Genomics and Chromosome Analysis: BLAST Method and Genome Complexity

Chap. 6 Genes, Genomics, and Chromosomes (Part B) • Topics • Genomics: Genome-wide Analysis of Gene Structure and Expression • Structural Organization of Eukaryotic Chromosomes • Morphology and Functional Elements of Eukaryotic Chromosomes • Goals • Learn about computer-based methods for analyzing sequence data. • Learn how DNA and proteins are packaged in chromatin. • Learn the large-scale structure organization of chromosomes. • Learn the functional elements required for chromosome replication and segregation.
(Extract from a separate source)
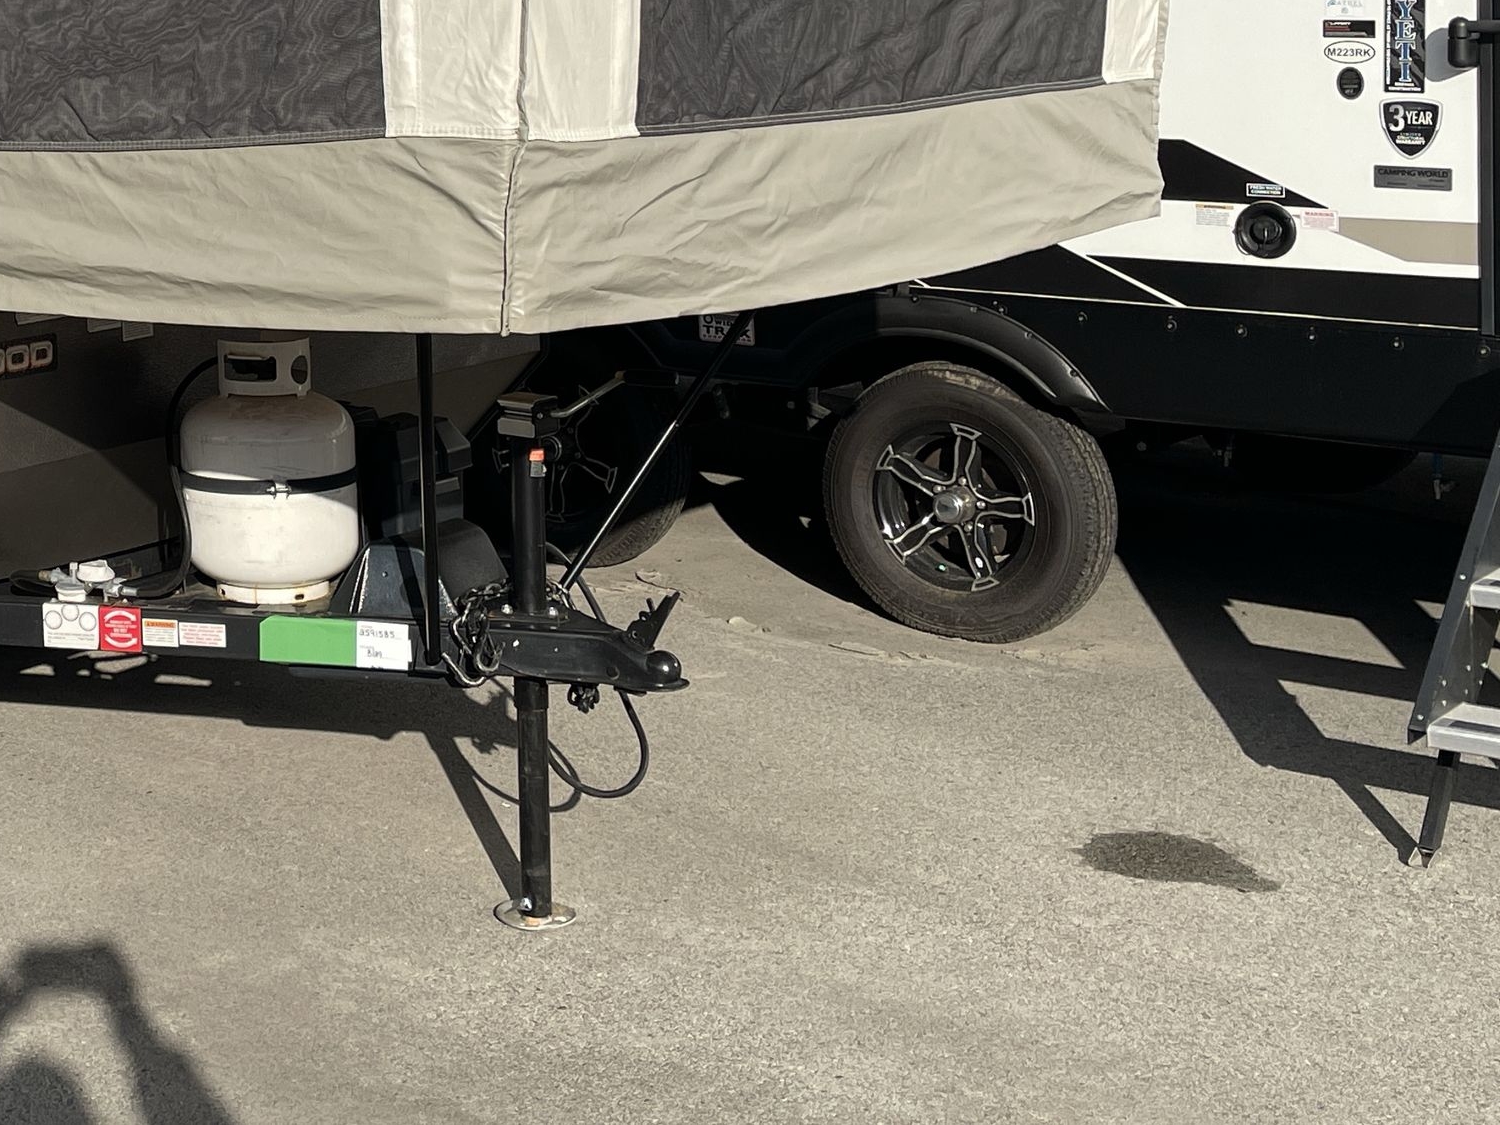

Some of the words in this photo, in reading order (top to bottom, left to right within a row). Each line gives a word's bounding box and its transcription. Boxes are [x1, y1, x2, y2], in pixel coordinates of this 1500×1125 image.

RxFISH-painted human chromosomes.

Mining Sequence Data: BLAST Searches An enormous amount of DNA sequence information is available from genome sequencing and sequencing of cloned genes. This data is stored in data banks such as GenBank at the NIH in Bethesda, MD and the EMBL Sequence Data Base at the European Molecular Biology Laboratory in Heidelberg, Germany. Scientists working in the area of bioinformatics use this data to find genes, analyze their properties, and determine phylogenetic relationships between organisms and proteins. A common procedure in which this data is used is the BLAST search (basic local alignment search tool) which is used to compare protein and DNA sequences. An example BLAST search alignment is shown for the human neurofibromatosis 1 (NF1) gene in Fig. 6.25. The alignment shows NF1 is related to the S. cerevisiae Ira GTPase-activating protein (GAP) and suggests the disease is caused by aberrant signal transduction. Computer programs similar to BLAST are used to identify protein sequence motifs (e.g., zinc fingers) in unknown proteins. The identification of structure regions with known function sheds light on overall protein function and helps guide experimental analysis of unknown proteins and genes.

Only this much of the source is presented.